Task item: Repeat all the data exactly, and where a record holds a picture, leave that picture out.
** Material supplied follows **
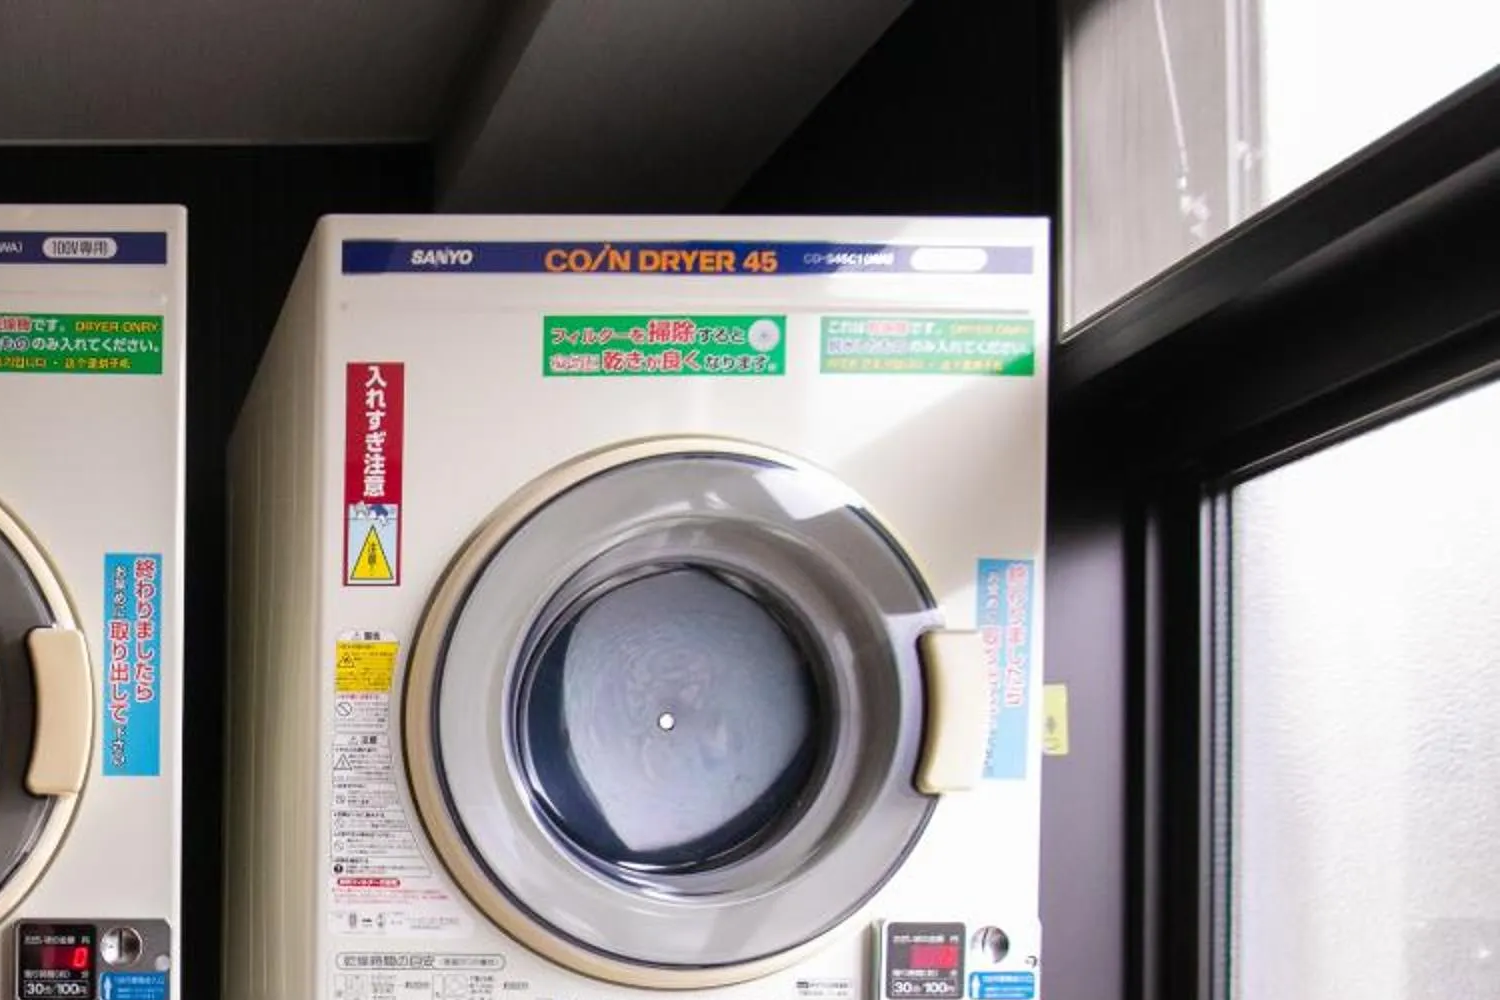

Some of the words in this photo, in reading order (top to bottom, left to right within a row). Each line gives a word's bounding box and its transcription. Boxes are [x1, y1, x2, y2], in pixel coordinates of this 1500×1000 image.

[411, 248, 473, 266] SANYO
[638, 249, 736, 273] DRYER
[742, 250, 779, 273] 45
[363, 365, 388, 498] 入れすぎ注意
[134, 558, 156, 703] 終わりましたら
[72, 946, 88, 969] 0
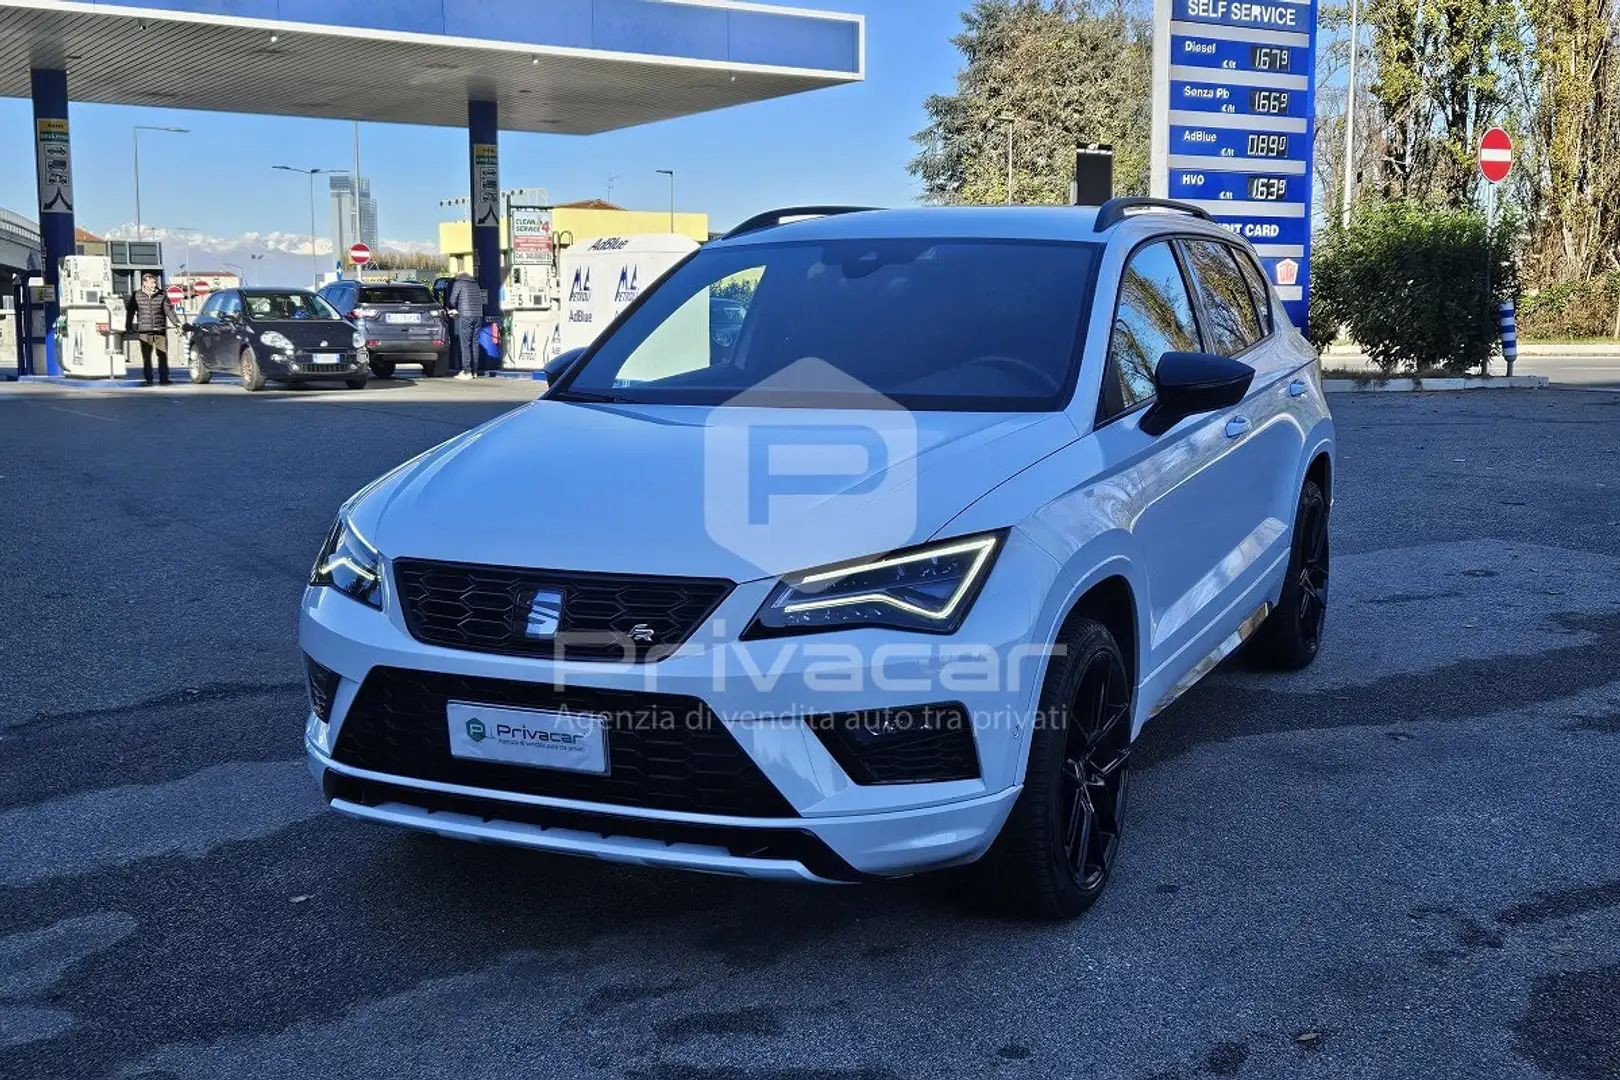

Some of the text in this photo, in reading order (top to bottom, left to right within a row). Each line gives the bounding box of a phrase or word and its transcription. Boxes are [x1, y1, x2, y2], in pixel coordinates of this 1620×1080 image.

[1188, 0, 1296, 25] SELF SERVICE
[1185, 41, 1216, 54] Diesel
[1184, 86, 1230, 99] Senza Pb
[1183, 130, 1217, 143] AdBlue
[1182, 174, 1205, 185] HVO
[1246, 223, 1279, 237] CARD
[587, 236, 629, 252] AdBlue
[568, 308, 593, 323] AdBlue
[496, 724, 584, 744] Privacar
** End of Material supplied **
Answer space:
Some of the words in this photo, in reading order (top to bottom, left to right within a row). Each line gives a word's bounding box and its transcription. Boxes are [x1, y1, x2, y2], in pixel coordinates of this 1500×1000 image.

[411, 248, 473, 266] SANYO
[638, 249, 736, 273] DRYER
[742, 250, 779, 273] 45
[363, 365, 388, 498] 入れすぎ注意
[134, 558, 156, 703] 終わりましたら
[72, 946, 88, 969] 0

Some of the text in this photo, in reading order (top to bottom, left to right within a row). Each line gives the bounding box of a phrase or word and its transcription. Boxes are [x1, y1, x2, y2], in pixel coordinates of this 1620×1080 image.

[1188, 0, 1296, 25] SELF SERVICE
[1185, 41, 1216, 54] Diesel
[1184, 86, 1230, 99] Senza Pb
[1183, 130, 1217, 143] AdBlue
[1182, 174, 1205, 185] HVO
[1246, 223, 1279, 237] CARD
[587, 236, 629, 252] AdBlue
[568, 308, 593, 323] AdBlue
[496, 724, 584, 744] Privacar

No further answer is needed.